Segment Start: AVAILABLE DATA

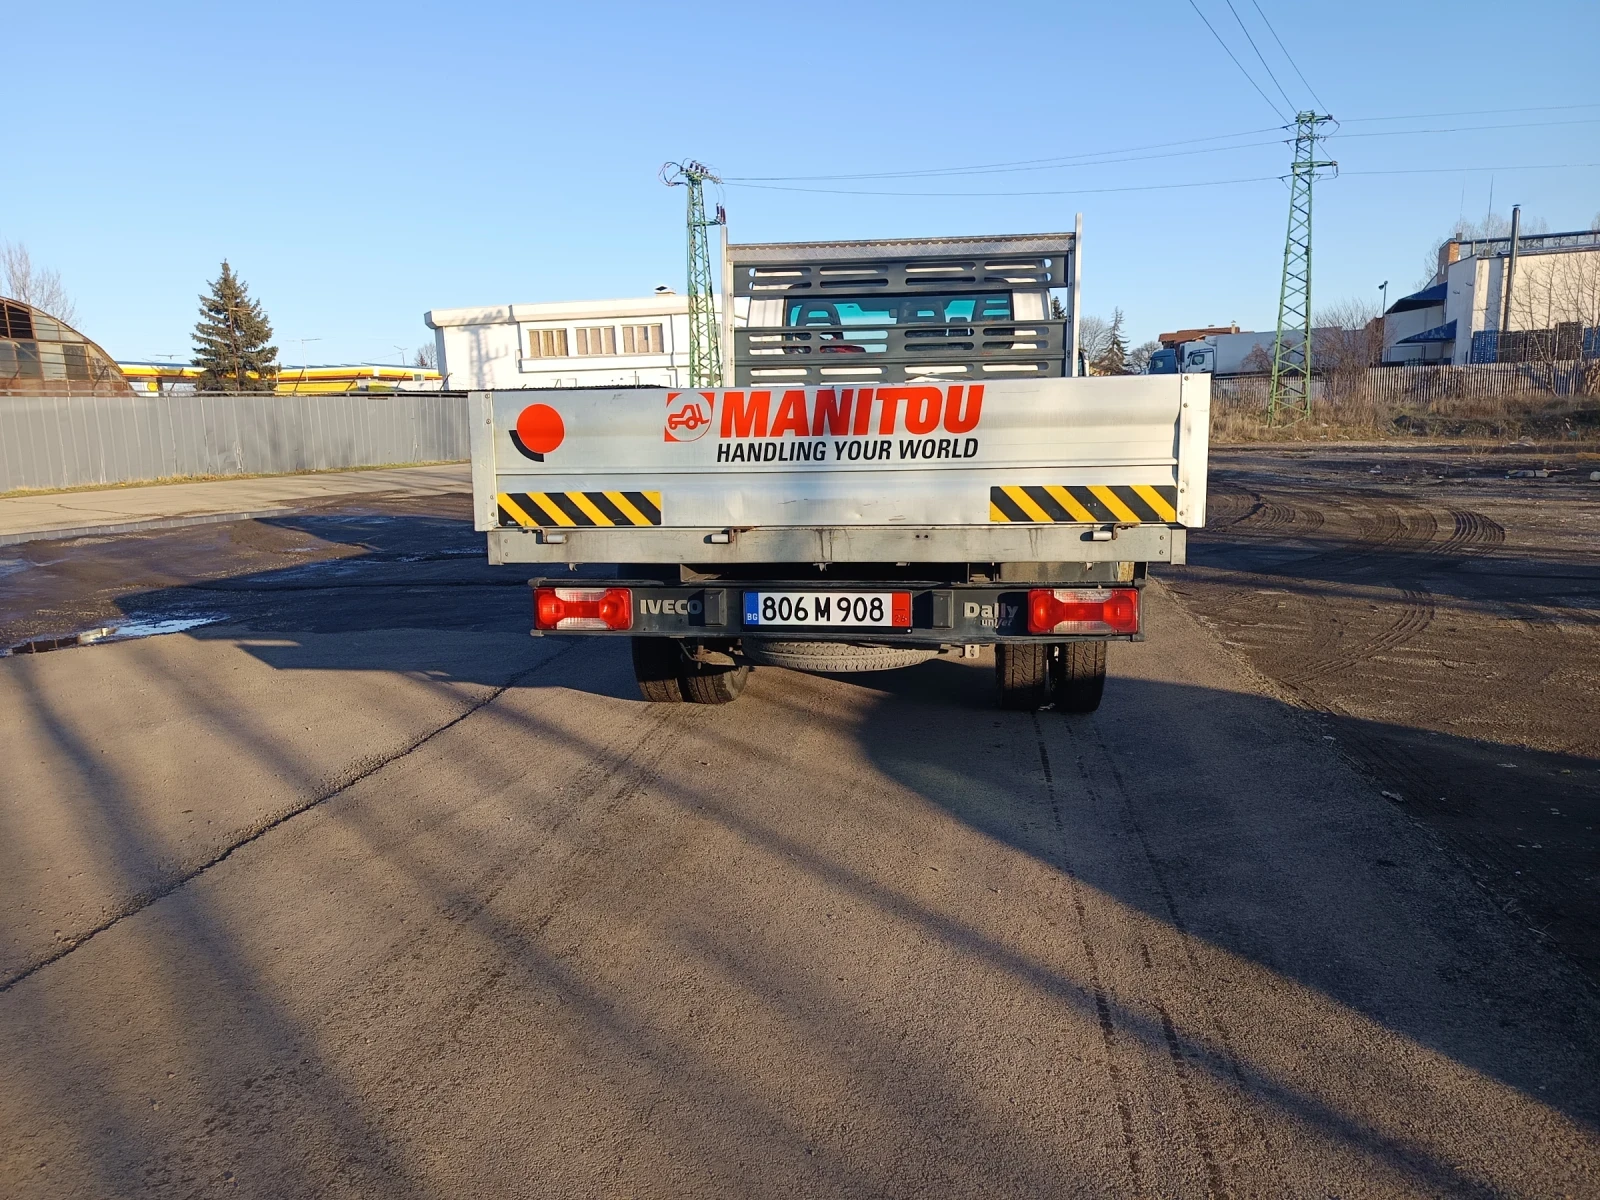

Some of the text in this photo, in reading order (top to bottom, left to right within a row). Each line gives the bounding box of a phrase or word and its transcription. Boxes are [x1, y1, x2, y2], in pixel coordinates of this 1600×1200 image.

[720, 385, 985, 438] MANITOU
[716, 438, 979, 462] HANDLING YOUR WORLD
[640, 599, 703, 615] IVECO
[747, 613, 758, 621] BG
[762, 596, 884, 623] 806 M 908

Segment End: AVAILABLE DATA

- ASSIGNED TASK -
Return the material word for word, images omitted.

- WRITTEN RESPONSE -
Some of the text in this photo, in reading order (top to bottom, left to right within a row). Each line gives the bounding box of a phrase or word and its transcription. Boxes are [x1, y1, x2, y2], in pixel coordinates of this 1600×1200 image.

[720, 385, 985, 438] MANITOU
[716, 438, 979, 462] HANDLING YOUR WORLD
[640, 599, 703, 615] IVECO
[747, 613, 758, 621] BG
[762, 596, 884, 623] 806 M 908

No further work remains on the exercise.